Caught again in an industry downturn, GM recently decided not to put the Bengal concept vehicle into production. The fate of the LaCrosse hasn't been decided yet. In the meantime, Lyon is working on an overhaul of the LeSabre, one of the company's most conservative models. That redesign won't appear for several years, but Lyon promises "a dramatic statement."

VII. Innovation: The Pasadena startup machine

There was a time when every dorm room, it seemed, was a startup waiting to happen. Throughout the 1990s, kids cobbled together business plans between classes, won funding, and jumped into business. Risk? What risk? Plunging into a new venture seemed all too easy.

Ah, the fickleness of youth. These days, most of the kids are back in class. Venture capitalists say that they're seeing precious few proposals out of MIT, Stanford, and almost every other university, save one: the California Institute of Technology.

In fact, Caltech says that it actually spun out the same number of startups in 2001 -- a poor time, needless to say, for new ventures -- as it did in the boom year of 1999. While startup enthusiasm has faded on most campuses, Caltech has blossomed into a robust new-company machine.

This didn't happen by accident. During the past seven years, Caltech's Office of Technology Transfer has carefully developed a strategy for cultivating commerce. "We focus on nurturing entrepreneurs scientifically more than other schools do," says Rich Wolfe, the office's associate director.
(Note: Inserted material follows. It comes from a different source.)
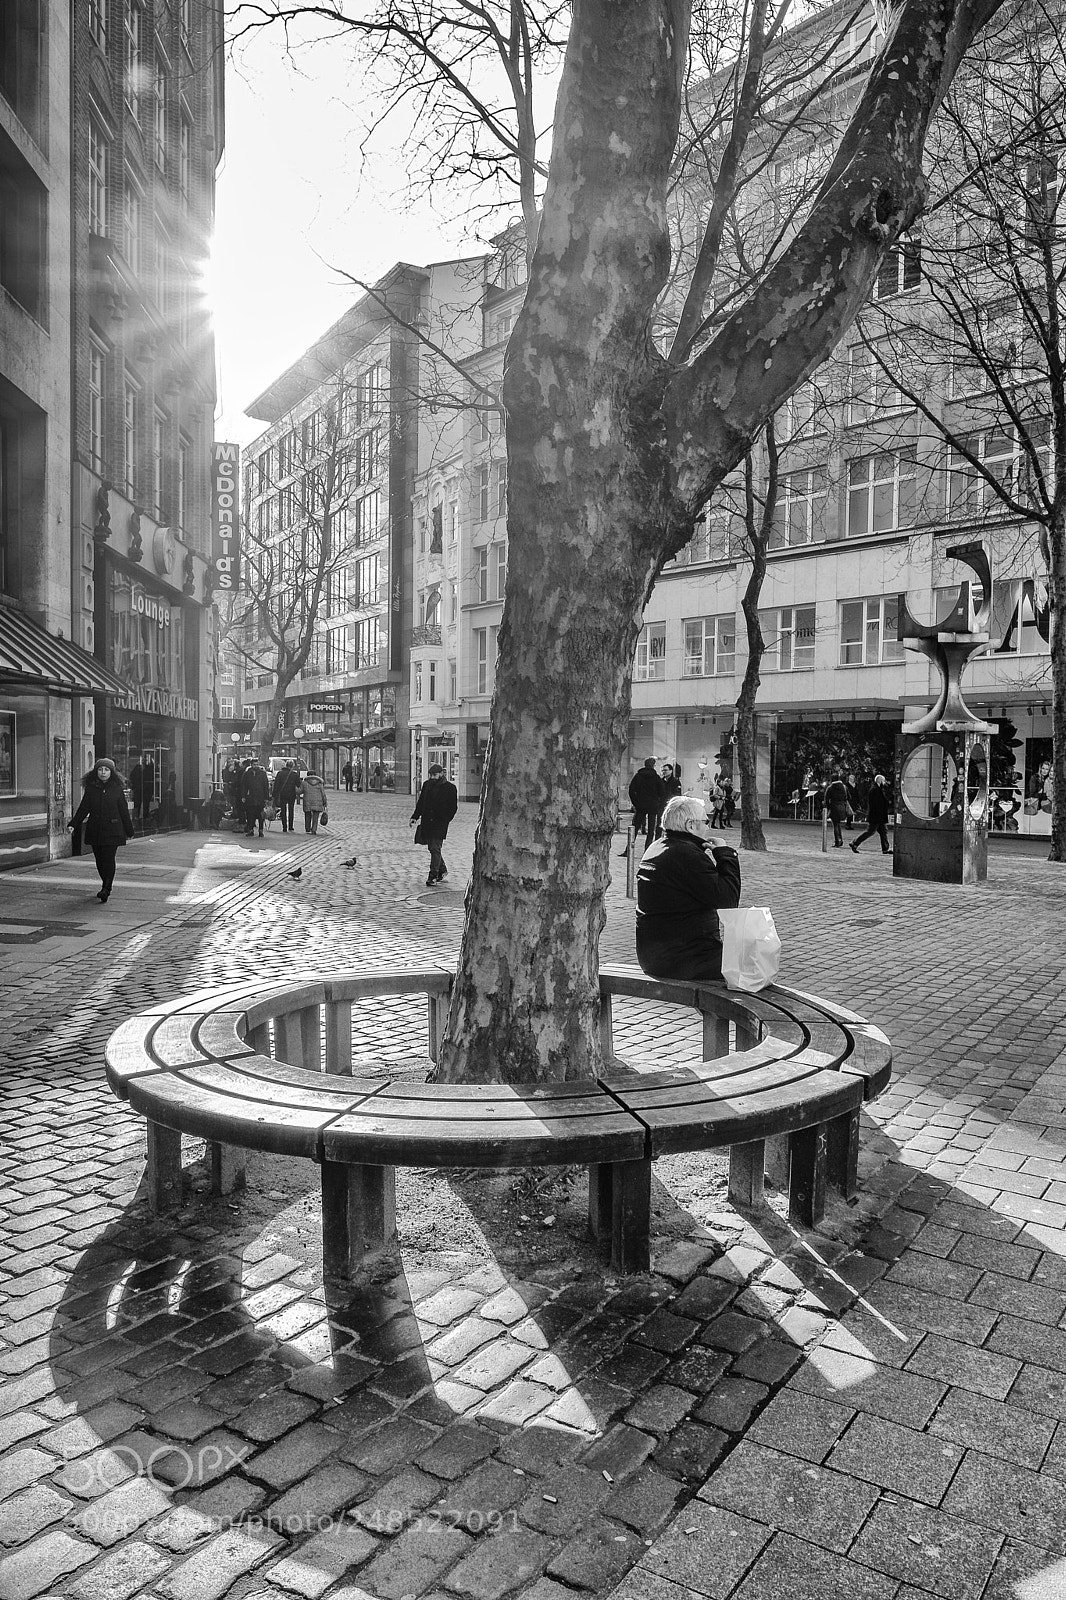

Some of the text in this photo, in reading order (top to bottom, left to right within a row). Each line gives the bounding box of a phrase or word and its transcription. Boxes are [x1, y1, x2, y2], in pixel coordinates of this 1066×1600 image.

[215, 445, 237, 588] McDonald's
[131, 585, 170, 629] Lounge
[310, 703, 343, 711] POPKEN
[305, 723, 325, 733] POPKEN
That is, the university focuses more on the science itself than on the ensuing commercial opportunity.

That's what grabbed Uri Cummings and Andrew Lines, two PhD students at Caltech who founded Fulcrum Microsystems Inc. in 2000. "There is a pervasive philosophy at Caltech that no problem is unsolvable," Cummings says. "There's a focus on scientific ingenuity that is thrilling to be around. Caltech has so many entrepreneurs because the school doesn't make it about business or focus on how much money they'll get out of it. Caltech is a catalyst, moving technology from the university out into industry, and students are thrilled to be a part of it."

Before starting Fulcrum, Cummings and Lines worked for six years with Caltech computer-science professor Alain Martin on an asynchronous-circuit design for semiconductor chips. They ventured into commercialization while still in the throes of their doctoral program.